Prosecutors and defense lawyers gave starkly different portrayals on Monday of Ahmed Abu Khattala, the alleged mastermind of the 2012 attacks on U.S. outposts in Benghazi, Libya, that killed ambassador Chris Stevens and three other Americans.
A government lawyer said that when Abu Khattala's hatred of America boiled over, he orchestrated the attacks and then triumphantly strode around the attack site carrying an AK-47. Assistant U.S. attorney John Crabb said that later, the defendant was heard at his apartment saying: "I attacked the American embassy" and would have killed more Americans that night if others had not intervened.
A defense attorney, on the other hand, called Abu Khattala a "Libyan patriot," who fought on America's side in the war against Libyan leader Moammar Gadafi. He said Abu Khattala didn't mastermind the attack. The lawyer said the defendant simply went to the attack site because he heard there was a protest and wanted to see what was happening.
"He didn't shoot anyone. He didn't set any fires. He did not participate in the attacks," said Jeffrey Robinson, a lawyer for Abu Khattala.

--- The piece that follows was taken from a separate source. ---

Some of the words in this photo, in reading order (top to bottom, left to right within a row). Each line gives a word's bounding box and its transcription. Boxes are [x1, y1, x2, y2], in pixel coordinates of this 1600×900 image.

Twelve jurors and three alternates listened as opening statements unfolded in one of the most significant terrorism prosecutions in recent years. The trial is being held in U.S. District Court in Washington — a civilian federal court — at a time when the Trump administration has said terror suspects are better sent to the military prison at Guantanamo Bay, Cuba.

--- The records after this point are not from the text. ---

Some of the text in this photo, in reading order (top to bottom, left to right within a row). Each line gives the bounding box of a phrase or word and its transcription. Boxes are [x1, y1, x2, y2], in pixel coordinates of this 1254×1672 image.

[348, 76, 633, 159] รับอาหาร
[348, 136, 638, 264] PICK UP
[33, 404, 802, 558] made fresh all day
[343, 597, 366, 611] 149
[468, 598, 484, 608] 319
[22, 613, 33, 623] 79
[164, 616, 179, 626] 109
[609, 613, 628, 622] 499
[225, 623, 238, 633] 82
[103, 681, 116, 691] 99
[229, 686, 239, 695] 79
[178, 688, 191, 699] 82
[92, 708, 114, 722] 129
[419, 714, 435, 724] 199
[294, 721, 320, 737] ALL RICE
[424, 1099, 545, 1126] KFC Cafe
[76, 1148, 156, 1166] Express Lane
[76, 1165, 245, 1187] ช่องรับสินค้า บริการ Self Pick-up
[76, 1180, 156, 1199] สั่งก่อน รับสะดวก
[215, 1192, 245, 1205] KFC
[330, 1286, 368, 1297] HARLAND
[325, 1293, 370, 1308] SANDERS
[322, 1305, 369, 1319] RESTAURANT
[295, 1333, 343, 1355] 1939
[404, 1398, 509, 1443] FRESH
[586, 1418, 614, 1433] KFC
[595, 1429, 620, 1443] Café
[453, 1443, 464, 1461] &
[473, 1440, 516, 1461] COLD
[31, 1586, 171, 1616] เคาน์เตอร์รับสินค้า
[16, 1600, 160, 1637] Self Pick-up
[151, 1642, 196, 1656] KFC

Abu Khattala, sporting a long grayish-white beard, appeared in court wearing a white shirt and dark pants. He has pleaded not guilty to his charges, including murder of an internationally protected person, providing material support to terrorists and destroying U.S. property while causing death. When he entered the courtroom, he shook hands with members of his legal team. He monitored his trial with earphones offering him an Arabic interpreter. At times, he sipped water or swiveled in his chair at the defense table.

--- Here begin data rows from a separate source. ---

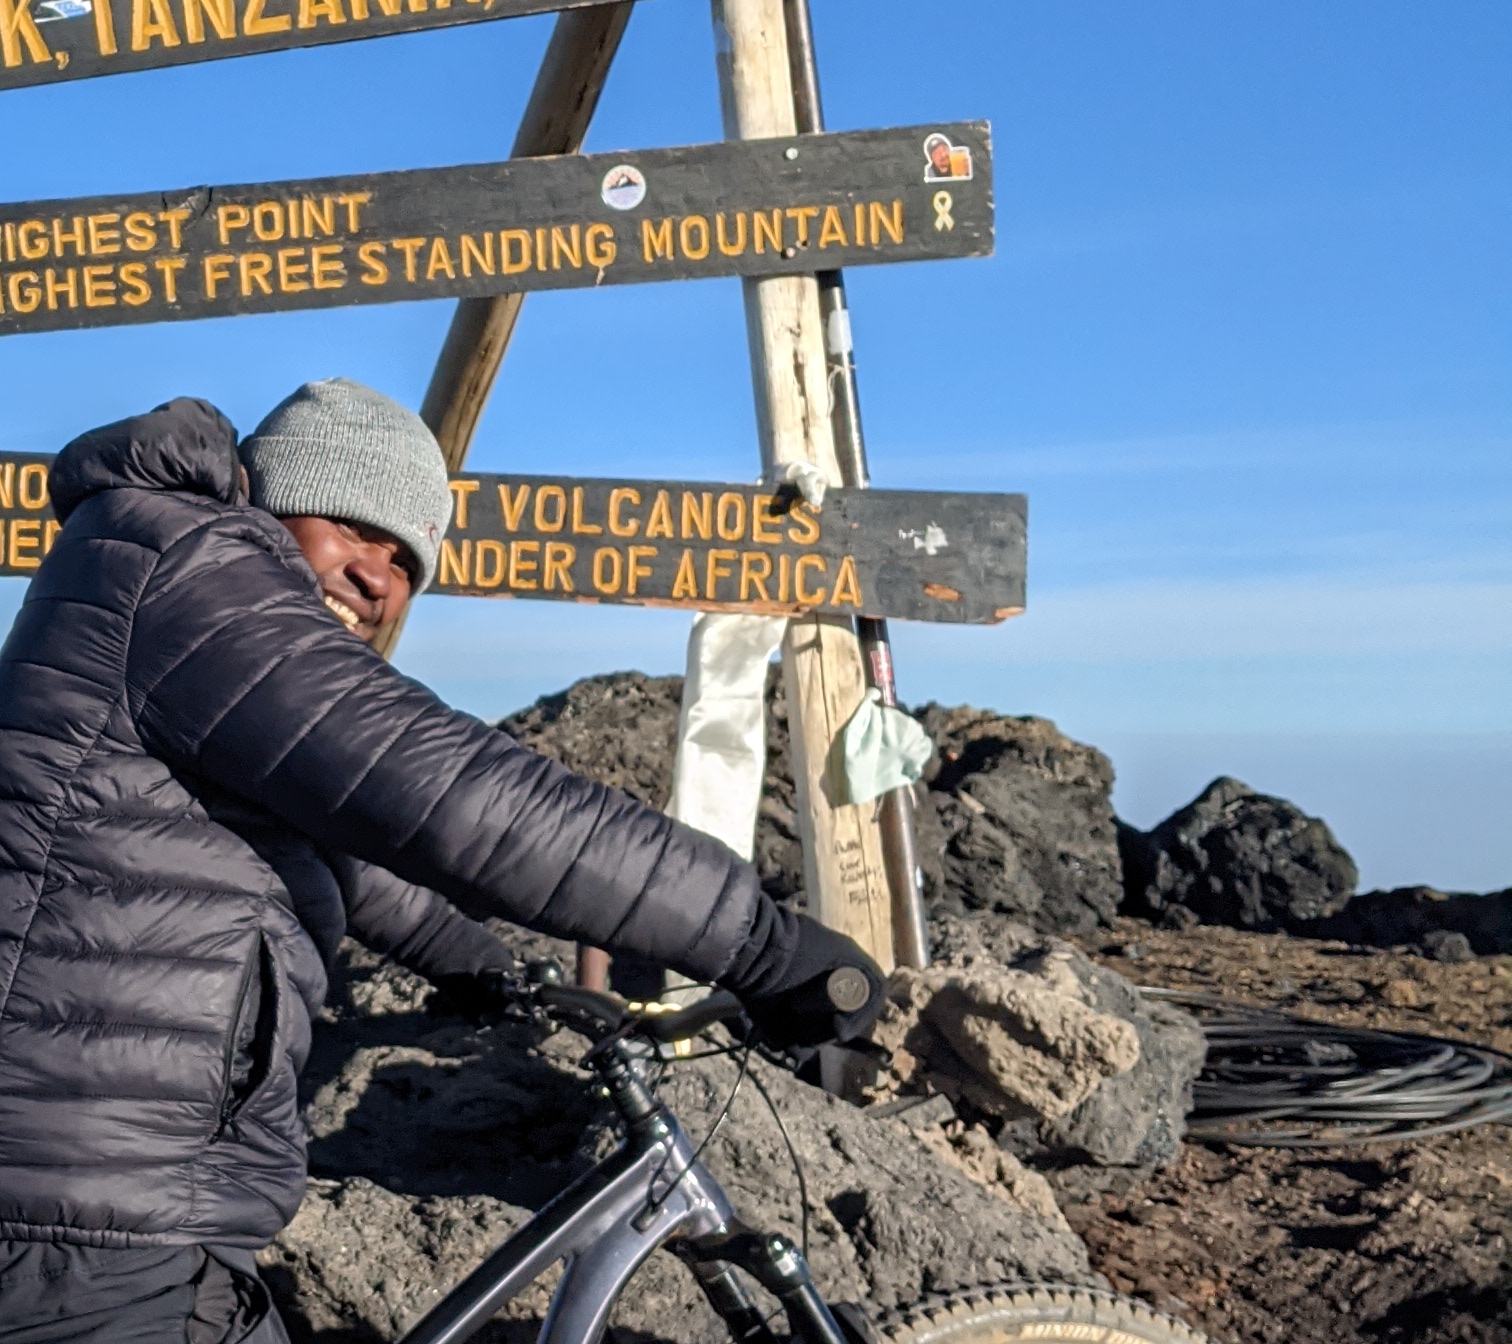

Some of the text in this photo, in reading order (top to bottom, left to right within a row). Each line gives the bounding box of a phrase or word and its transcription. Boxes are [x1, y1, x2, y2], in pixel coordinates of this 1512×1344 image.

[203, 245, 342, 298] FREE
[358, 223, 616, 285] STANDING
[642, 201, 903, 263] MOUNTAIN
[219, 193, 368, 244] POINT
[500, 486, 820, 545] VOLCANOES
[440, 540, 863, 609] NDER OF AFRICA

An 18-count indictment against Abu Khattala arises from a burst of violence that began the night of Sept. 11, 2012, at a State Department compound, a rampage prosecutors say was aimed at killing American personnel and plundering maps, documents and other property from the post.
Stevens was killed in the first attack at the U.S. mission, along with Sean Patrick Smith, a State Department information management officer. Nearly eight hours later at a CIA complex nearby, two more Americans, contract security officers Tyrone Woods and Glen Doherty, died in a mortar attack.
Stevens and Smith "choked to death by thick black smoke," Crabb said. Woods and Doherty were "blown apart by mortar," he said. He said Abu Khattala "hates America with a vengeance" and that his "hatred simmered until it boiled over."
"He killed Ambassador Stevens — a man of peace."